La noticia es suficientemente significativa: esta semana, China, por boca de su embajador en Australia, Cheng Jingye, tras calificar la posición aussie de "hostil", ha advertido a las autoridades del país oceánico de que su insistencia en solicitar una investigación sobre el origen, la gestión y la propagación del coronavirus podría provocar un boicot de los consumidores chinos al vino australiano, así como interrumpir el desplazamiento de turistas y estudiantes del gigante asiático a tal destino.

El hecho, tan inusual como revelador, arroja serias dudas sobre la transparencia que el régimen chino está dispuesto a tolerar en el examen de su responsabilidad por el comienzo y desarrollo de la pandemia. En un momento como el actual, en el que la comunidad internacional quiere y tiene derecho a saber cómo surgió el virus y cuál ha sido el grado de eficacia con la que China procuró la contención del desastre, asombra semejante posición de fuerza, empleada incluso, por ejemplo, con Alemania, a la que las autoridades chinas han animado a "efectuar declaraciones positivas en público sobre el manejo del Covid-19 por parte de la República Popular".

Esa feroz reacción sólo tiene tres explicaciones posibles. La primera, habitual en el genoma comunista, es cortar de raíz cualquier crítica al Partido, inevitable, por otra parte, si se inicia un escrutinio objetivo de la catástrofe. La segunda, inserta en su enfrentamiento presente con Estados Unidos, es dejar sin apoyos a los norteamericanos en su propósito de culpar a Pekín de la hecatombe. Frente al ataque estadounidense, China, cuya joven diplomacia parece más dispuesta que nunca a hacer valer sin reparo su colosal poderío, amedranta a los previsibles aliados de Trump. La tercera, ya en el resbaladizo terreno de la conspiranoia, traería causa de las presuntas actuaciones dolosas o culposas que el Gobierno chino, con sus poderosos medios, trataría de ocultar.

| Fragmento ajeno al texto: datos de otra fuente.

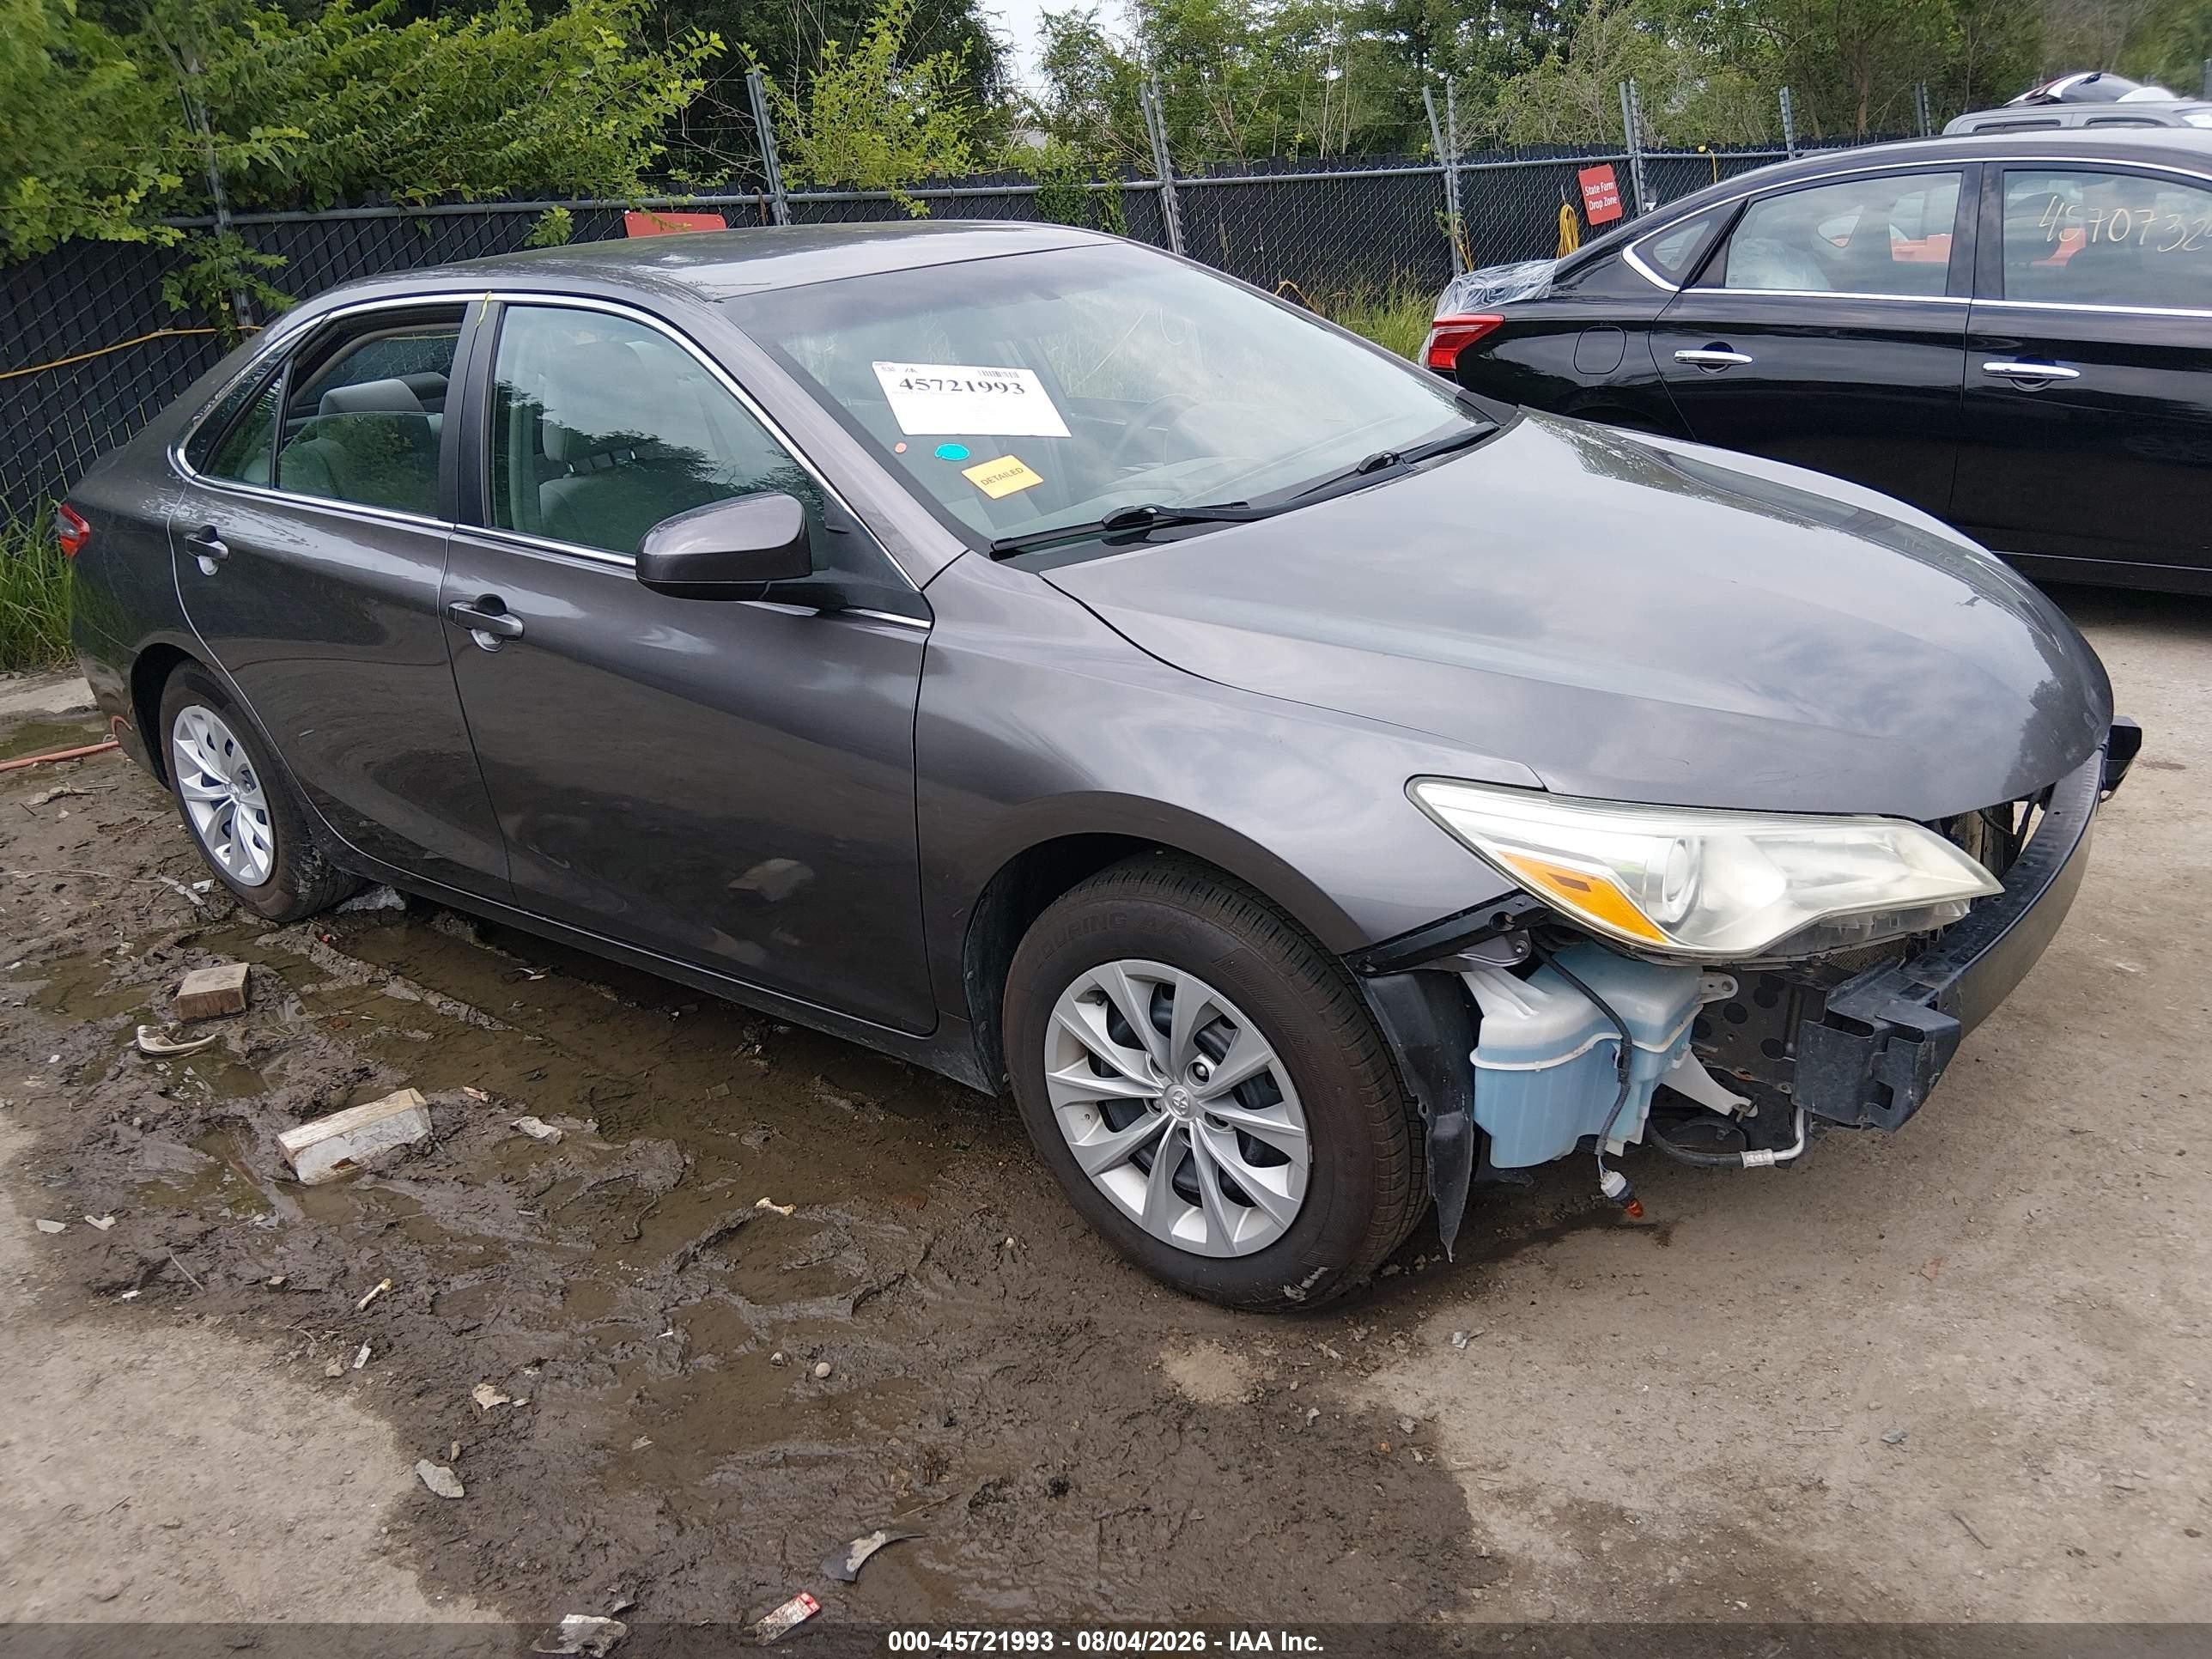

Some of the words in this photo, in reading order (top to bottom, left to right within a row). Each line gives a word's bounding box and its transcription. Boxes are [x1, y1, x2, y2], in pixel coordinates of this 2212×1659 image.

Para mí tengo que el intento resultará fallido. La globalidad de la catástrofe, el número de muertos, sus consecuencias sanitarias, económicas, sociales y políticas, habrán de impulsar, más pronto que tarde, un análisis independiente y exhaustivo de su génesis y extensión. En él deberá evaluarse lo que cada cual hizo. También, cómo no, la cúpula de un pueblo, el chino, que, si no quiere soportar el desprecio mundial, tendrá que empezar a olvidarse de sus baladronadas, propagandas y silencios.